In the teaching of basic knowledge of mathematics, we should strengthen the teaching of forming concepts, rules and laws, which is also an important means to cultivate students' initial logical thinking ability. However, the teaching in this area is abstract, and the students are young, lack of life experience, poor abstract thinking ability and difficult to learn. Students' learning of abstract knowledge is a leap on the basis of a lot of perceptual knowledge. Perceptual knowledge is the basis for students to understand knowledge, and intuition is the way and source of information for mathematical abstract thinking. When teaching, I pay attention to the transformation from intuition to abstraction, and gradually cultivate students' abstract thinking ability. In teaching the knowledge of "angle", in order to make students get the correct concept of angle, I first guide students to observe the angles formed by objects and models, such as triangles, pentagrams, open scissors and fans, and abstract the angles from these objects. Then through physical demonstration, nail one end of two thin wooden strips together and rotate one of them, which intuitively shows that a ray can get different angles by rotating around its endpoint. Students can demonstrate by themselves with prepared learning tools, and clarify the concept of angle from the perspective of movement, so as to prepare for introducing the concepts of straight angle and rounded corner.
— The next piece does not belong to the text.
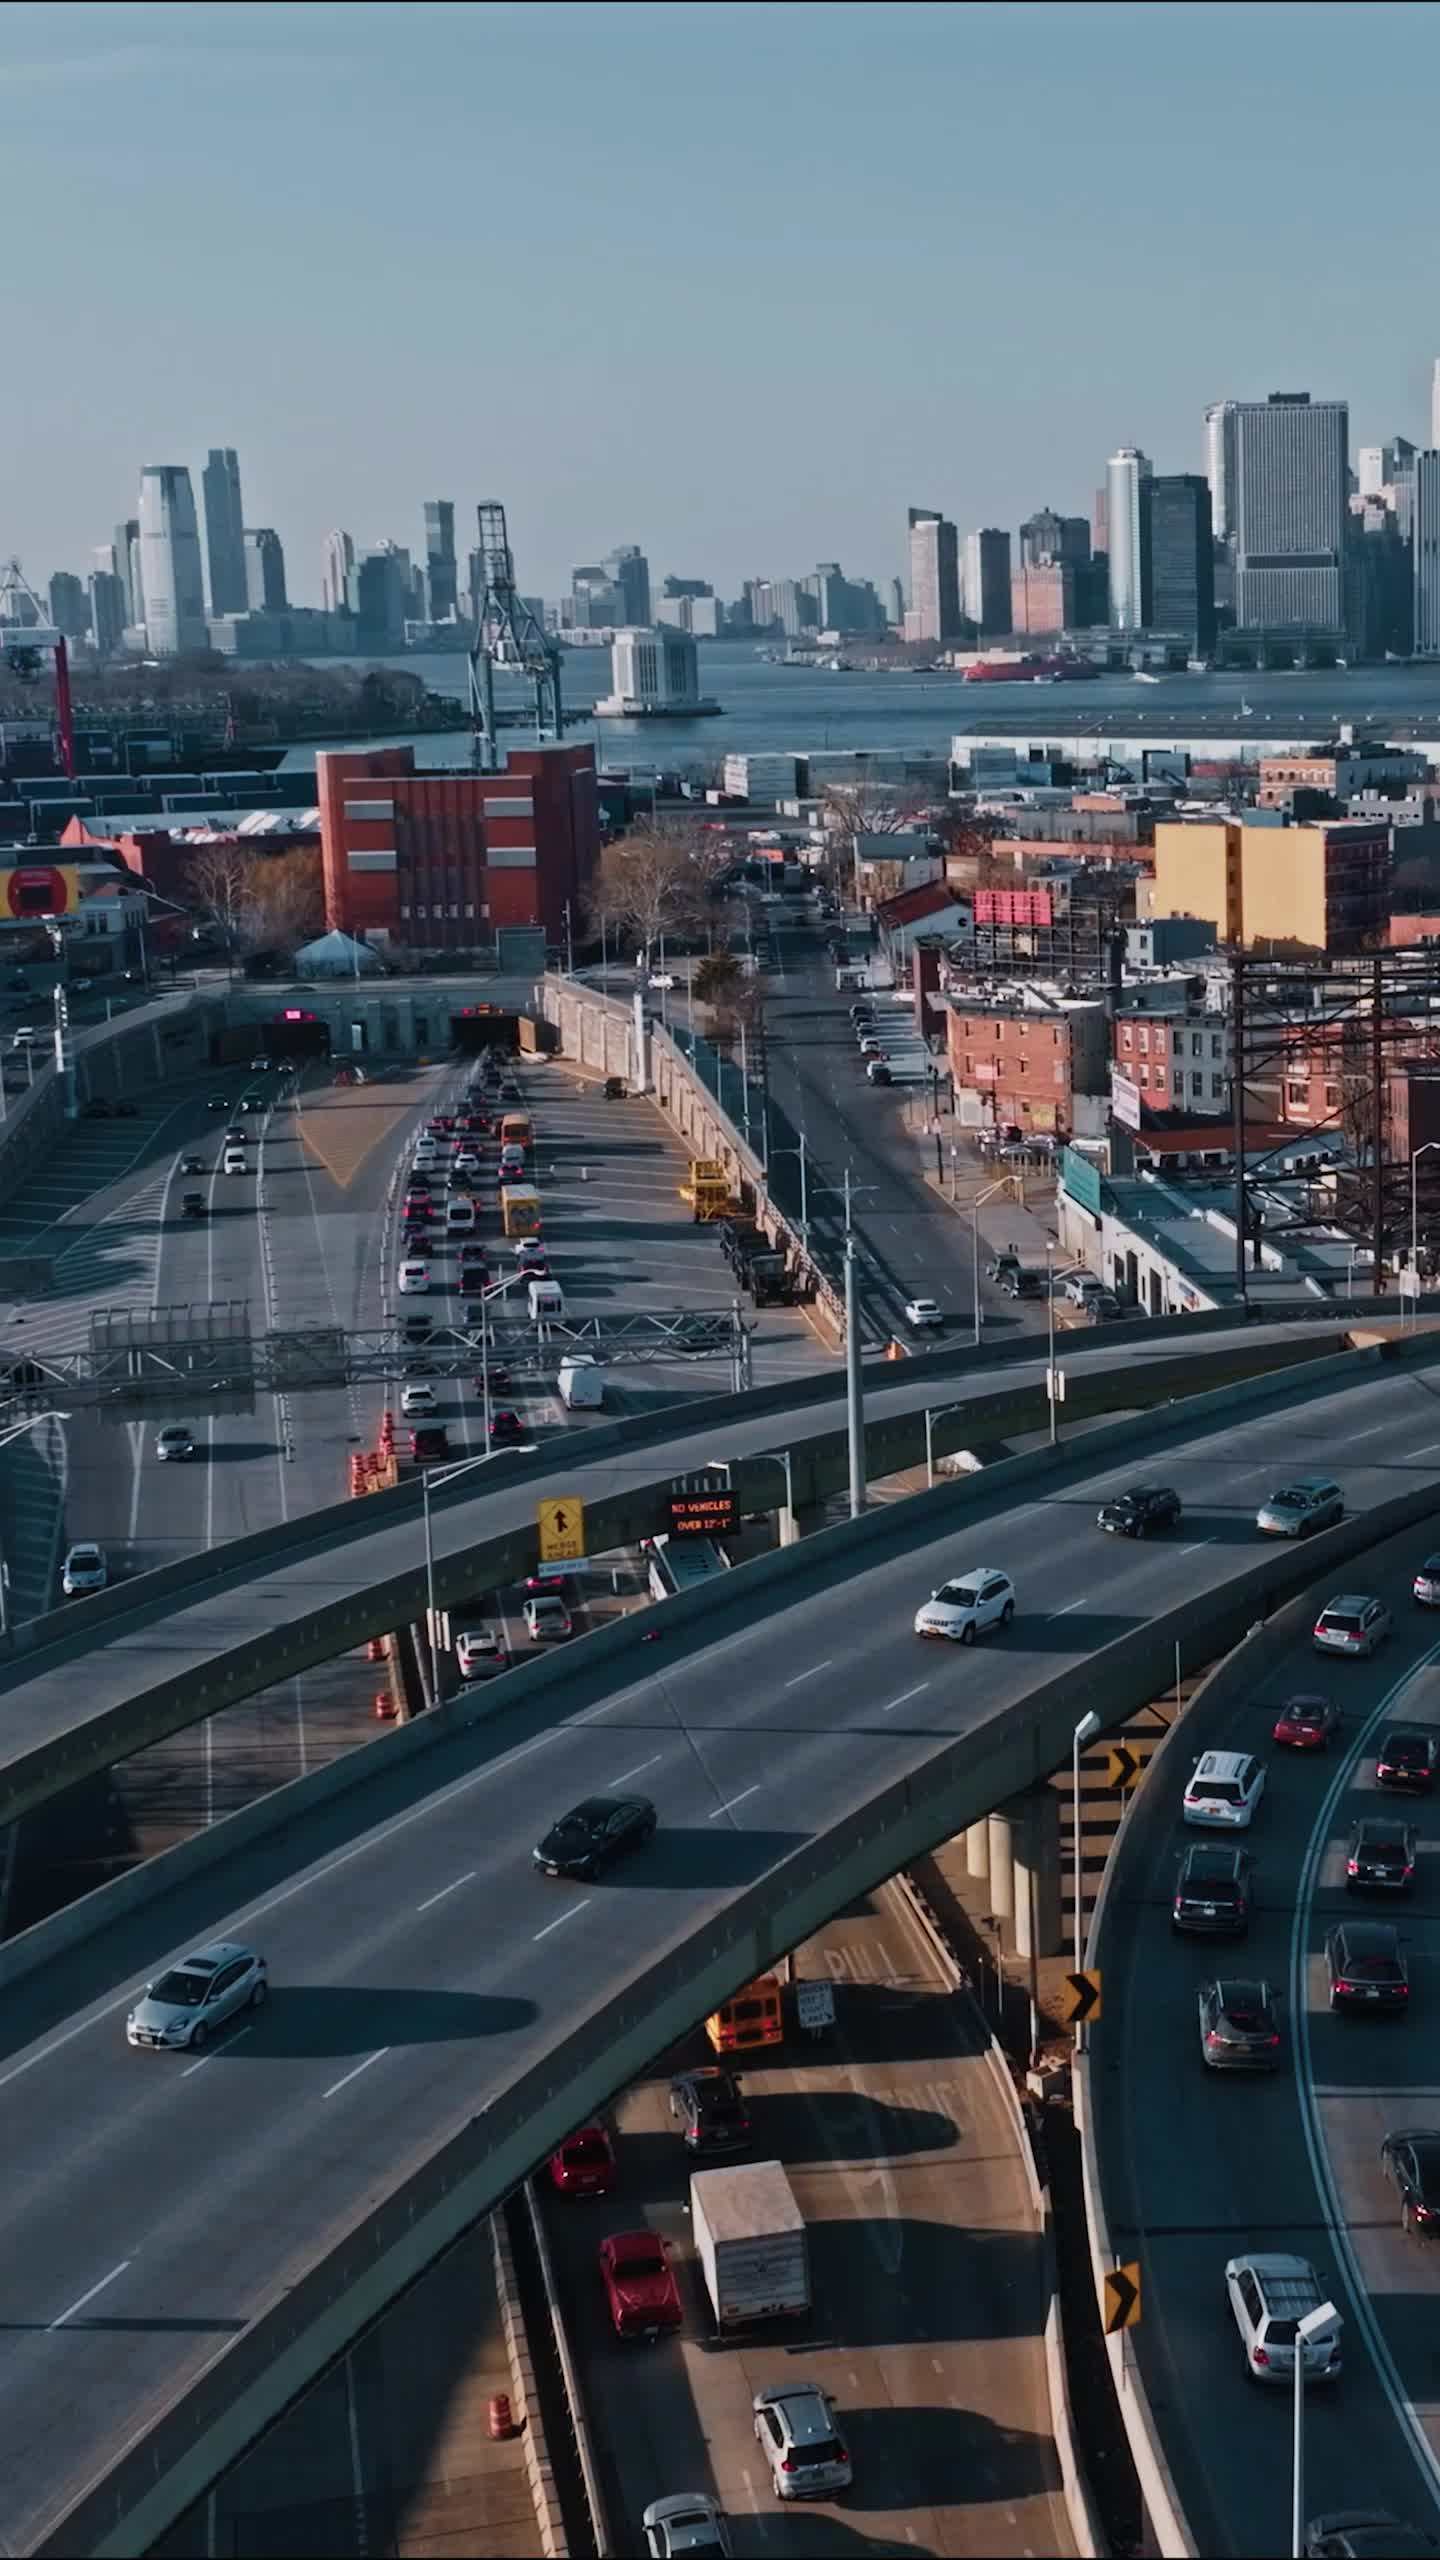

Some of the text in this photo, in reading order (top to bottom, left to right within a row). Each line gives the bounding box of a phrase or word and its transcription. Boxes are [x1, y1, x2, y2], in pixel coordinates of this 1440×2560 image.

[672, 1500, 732, 1513] NO VEHICLES
[677, 1520, 702, 1531] OVER
Second, starting from the connection between old and new knowledge, actively develop students' thinking.

Mathematical knowledge has a strict logical system. As far as students' learning process is concerned, some old knowledge is the basis of new knowledge, and new knowledge is the extension and development of old knowledge. Students' cognitive activities are always based on existing old knowledge and experience. Every time I teach a little new knowledge, I review the old knowledge as much as possible, make full use of the existing knowledge to pave the way, and guide students to use the law of knowledge transfer and develop their thinking in the process of acquiring new knowledge. For example, when teaching the relationship between the parts of addition and subtraction, I first reviewed the names of the parts of addition, and then guided the students to draw from 35+25 = 60: 60-25 = 35; 60-35=25。 By comparison, we can see that the figures in the latter two formulas are actually addends in the former formula. Through observation and comparison, let the students sum up the formula for finding addend: one addend = and- another addend. In this way, students are guided to learn new knowledge by reviewing the past, and new knowledge is brought into the original knowledge system, which enriches knowledge, broadens their horizons and develops their thinking.

Third, carefully design questions to guide students' thinking

Pupils have poor independence, are not good at organizing their own thinking activities, and often think of what they see. Cultivating students' logical thinking ability is mainly through the demonstration, guidance and guidance of teachers in the teaching process, so that students can acquire some thinking methods in a subtle way. Teachers carefully design questions in the teaching process, put forward some enlightening questions, stimulate thinking, and mobilize students' enthusiasm and initiative to the maximum extent. Students' thinking ability can be effectively developed only when they are active in thinking. In the teaching process, teachers should put forward thoughtful questions with moderate depth according to the key points of textbooks and students' reality, so as to activate each student's thinking activities and master the newly learned knowledge through correct thinking methods.

Fourth, carry out reasoning training to promote students' thinking.

Language is the tool and shell of thinking. Strengthening language training in mathematics classroom, especially oral reasoning training, is a good way to develop students' thinking. When studying the chapter "Decimals and Composite Numbers", because decimals and composite numbers are rewritten, more knowledge needs to be comprehensively applied, which is exactly where students are prone to make mistakes. How to break through the difficulties and let students master this part of knowledge? I pay attention to strengthening reasoning training in classroom teaching. After the students learn the examples, inspire them to summarize the rewriting methods of decimal and composite numbers, and then let the students tell the process of doing the problems according to the methods. Through such repeated reasoning training, good results have been achieved, which not only deepens students' understanding of knowledge, but also promotes the development of thinking ability.